-- Opening Marker --

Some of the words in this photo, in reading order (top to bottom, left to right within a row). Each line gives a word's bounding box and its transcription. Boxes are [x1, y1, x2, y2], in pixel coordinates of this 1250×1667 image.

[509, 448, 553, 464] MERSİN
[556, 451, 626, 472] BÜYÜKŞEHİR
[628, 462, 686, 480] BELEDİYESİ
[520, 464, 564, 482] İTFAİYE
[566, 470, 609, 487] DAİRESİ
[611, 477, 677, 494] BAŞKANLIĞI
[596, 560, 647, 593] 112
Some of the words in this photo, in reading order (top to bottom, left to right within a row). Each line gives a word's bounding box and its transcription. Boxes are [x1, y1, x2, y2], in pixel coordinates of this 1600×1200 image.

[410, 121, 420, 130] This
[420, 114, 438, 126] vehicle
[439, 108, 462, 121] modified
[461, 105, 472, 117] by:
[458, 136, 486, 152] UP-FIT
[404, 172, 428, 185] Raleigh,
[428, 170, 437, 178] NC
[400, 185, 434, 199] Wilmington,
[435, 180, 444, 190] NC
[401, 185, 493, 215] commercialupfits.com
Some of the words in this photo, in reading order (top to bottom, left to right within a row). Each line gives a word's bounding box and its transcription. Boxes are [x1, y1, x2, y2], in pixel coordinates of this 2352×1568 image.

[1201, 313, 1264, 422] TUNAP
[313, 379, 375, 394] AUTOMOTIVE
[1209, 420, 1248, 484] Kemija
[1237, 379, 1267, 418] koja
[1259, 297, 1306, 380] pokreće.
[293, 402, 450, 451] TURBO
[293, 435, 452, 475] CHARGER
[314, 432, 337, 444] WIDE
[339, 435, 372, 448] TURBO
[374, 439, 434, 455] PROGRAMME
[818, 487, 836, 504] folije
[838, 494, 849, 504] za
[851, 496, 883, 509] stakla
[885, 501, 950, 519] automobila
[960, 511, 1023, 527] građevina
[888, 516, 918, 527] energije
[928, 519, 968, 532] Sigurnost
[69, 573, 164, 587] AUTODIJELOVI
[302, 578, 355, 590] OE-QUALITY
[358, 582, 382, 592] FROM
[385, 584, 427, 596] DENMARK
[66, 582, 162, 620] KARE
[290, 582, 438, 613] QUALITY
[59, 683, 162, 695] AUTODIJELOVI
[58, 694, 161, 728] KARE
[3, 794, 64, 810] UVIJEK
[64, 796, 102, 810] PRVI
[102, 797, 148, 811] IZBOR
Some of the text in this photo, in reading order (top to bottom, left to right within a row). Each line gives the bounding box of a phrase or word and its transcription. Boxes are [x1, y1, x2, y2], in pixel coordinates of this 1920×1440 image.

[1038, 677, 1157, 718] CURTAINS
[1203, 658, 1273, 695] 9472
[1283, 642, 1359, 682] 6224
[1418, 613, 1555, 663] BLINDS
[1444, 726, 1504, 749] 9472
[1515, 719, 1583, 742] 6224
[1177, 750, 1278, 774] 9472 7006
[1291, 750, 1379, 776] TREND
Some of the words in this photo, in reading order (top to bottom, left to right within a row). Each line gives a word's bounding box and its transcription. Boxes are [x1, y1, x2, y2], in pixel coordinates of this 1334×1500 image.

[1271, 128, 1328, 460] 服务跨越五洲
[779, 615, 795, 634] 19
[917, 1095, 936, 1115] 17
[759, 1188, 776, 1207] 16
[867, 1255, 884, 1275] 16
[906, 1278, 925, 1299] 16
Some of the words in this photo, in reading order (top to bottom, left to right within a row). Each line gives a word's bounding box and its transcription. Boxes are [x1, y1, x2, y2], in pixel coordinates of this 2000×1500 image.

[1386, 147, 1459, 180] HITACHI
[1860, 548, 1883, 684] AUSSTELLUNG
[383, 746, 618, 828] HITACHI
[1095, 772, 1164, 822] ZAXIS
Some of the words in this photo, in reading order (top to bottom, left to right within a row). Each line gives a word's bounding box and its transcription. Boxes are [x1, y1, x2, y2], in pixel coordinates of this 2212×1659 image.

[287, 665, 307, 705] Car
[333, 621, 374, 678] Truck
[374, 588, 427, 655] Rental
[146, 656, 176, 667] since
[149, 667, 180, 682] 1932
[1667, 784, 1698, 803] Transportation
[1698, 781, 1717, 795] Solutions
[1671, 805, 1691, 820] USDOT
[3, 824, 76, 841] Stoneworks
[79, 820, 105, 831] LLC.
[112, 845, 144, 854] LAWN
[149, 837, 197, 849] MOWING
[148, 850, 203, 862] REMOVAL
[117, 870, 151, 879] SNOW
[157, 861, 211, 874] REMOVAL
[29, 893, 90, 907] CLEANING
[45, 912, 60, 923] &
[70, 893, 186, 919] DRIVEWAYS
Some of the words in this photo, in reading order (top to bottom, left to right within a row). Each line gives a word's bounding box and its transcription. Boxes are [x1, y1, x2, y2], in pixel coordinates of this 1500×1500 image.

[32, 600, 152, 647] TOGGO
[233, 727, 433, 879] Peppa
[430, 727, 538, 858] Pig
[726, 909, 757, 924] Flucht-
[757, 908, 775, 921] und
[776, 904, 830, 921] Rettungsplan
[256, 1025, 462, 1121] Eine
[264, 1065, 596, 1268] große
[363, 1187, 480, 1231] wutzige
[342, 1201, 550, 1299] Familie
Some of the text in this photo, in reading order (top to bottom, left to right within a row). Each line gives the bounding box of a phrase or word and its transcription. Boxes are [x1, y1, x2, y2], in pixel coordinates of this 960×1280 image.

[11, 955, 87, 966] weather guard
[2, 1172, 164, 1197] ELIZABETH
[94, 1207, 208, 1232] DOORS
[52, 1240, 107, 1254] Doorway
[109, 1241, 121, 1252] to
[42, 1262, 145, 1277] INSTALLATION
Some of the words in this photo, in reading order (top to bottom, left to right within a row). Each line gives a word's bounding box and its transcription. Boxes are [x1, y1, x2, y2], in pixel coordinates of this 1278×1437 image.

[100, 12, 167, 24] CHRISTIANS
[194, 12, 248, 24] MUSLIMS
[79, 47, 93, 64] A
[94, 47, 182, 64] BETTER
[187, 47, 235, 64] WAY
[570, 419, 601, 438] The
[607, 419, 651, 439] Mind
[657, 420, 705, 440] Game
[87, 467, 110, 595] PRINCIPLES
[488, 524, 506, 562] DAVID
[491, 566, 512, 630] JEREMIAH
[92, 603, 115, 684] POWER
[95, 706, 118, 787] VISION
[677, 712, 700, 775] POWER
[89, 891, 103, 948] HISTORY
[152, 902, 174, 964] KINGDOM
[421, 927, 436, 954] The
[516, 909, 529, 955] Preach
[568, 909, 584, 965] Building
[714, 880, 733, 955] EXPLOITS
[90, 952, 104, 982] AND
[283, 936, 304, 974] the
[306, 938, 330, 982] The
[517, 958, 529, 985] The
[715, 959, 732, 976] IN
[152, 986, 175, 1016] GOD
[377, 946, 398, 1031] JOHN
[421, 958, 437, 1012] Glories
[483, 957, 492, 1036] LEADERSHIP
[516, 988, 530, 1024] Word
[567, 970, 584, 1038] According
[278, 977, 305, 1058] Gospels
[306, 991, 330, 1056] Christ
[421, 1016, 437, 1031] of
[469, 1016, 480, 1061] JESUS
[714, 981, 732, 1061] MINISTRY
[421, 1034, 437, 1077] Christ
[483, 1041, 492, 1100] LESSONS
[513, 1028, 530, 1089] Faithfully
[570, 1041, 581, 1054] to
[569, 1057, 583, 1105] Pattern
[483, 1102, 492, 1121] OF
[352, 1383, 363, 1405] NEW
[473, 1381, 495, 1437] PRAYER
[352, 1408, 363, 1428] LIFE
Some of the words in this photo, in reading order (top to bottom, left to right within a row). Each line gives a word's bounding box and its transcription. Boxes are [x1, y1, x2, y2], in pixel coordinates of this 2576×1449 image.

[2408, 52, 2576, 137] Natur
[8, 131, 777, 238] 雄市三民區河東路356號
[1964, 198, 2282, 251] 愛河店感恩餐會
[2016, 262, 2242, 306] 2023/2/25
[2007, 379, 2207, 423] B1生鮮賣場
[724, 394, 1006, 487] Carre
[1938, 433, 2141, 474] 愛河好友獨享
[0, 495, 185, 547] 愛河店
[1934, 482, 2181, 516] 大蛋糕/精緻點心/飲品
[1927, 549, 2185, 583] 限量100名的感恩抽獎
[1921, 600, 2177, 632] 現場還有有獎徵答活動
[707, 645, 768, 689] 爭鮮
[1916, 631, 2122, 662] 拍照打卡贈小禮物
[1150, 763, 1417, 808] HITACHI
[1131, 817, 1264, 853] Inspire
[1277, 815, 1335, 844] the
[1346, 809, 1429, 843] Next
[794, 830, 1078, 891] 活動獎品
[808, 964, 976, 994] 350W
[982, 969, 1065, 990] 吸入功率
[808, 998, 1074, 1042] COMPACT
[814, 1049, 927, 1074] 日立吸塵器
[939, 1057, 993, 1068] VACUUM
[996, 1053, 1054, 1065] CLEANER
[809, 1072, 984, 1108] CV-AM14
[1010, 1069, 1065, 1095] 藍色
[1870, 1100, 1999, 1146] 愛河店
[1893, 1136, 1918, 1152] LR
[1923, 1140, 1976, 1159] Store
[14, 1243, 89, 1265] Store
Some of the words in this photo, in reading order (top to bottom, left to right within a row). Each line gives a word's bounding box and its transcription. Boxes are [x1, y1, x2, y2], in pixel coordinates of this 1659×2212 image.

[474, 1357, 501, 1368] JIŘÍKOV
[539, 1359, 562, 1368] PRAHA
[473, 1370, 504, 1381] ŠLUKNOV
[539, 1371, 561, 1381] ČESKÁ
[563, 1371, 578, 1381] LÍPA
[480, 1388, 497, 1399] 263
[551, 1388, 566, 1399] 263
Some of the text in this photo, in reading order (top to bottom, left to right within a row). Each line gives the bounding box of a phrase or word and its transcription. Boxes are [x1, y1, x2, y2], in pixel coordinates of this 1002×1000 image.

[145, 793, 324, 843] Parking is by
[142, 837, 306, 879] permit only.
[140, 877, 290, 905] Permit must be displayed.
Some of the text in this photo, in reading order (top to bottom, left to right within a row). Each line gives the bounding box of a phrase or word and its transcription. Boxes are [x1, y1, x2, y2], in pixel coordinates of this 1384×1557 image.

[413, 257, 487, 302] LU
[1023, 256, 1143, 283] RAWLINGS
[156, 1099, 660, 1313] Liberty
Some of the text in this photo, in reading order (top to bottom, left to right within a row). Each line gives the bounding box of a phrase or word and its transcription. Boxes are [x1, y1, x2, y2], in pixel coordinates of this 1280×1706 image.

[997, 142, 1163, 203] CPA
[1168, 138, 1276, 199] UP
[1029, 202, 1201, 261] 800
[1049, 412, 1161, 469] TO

-- Closing Marker --

■ **ASSIGNMENT**: Could you give again, word for word, the line with "this 1280×1706 image." and all lines after it through the end of the data? Leave out everything else.

■ **EXERCISE RESPONSE**:
Some of the text in this photo, in reading order (top to bottom, left to right within a row). Each line gives the bounding box of a phrase or word and its transcription. Boxes are [x1, y1, x2, y2], in pixel coordinates of this 1280×1706 image.

[997, 142, 1163, 203] CPA
[1168, 138, 1276, 199] UP
[1029, 202, 1201, 261] 800
[1049, 412, 1161, 469] TO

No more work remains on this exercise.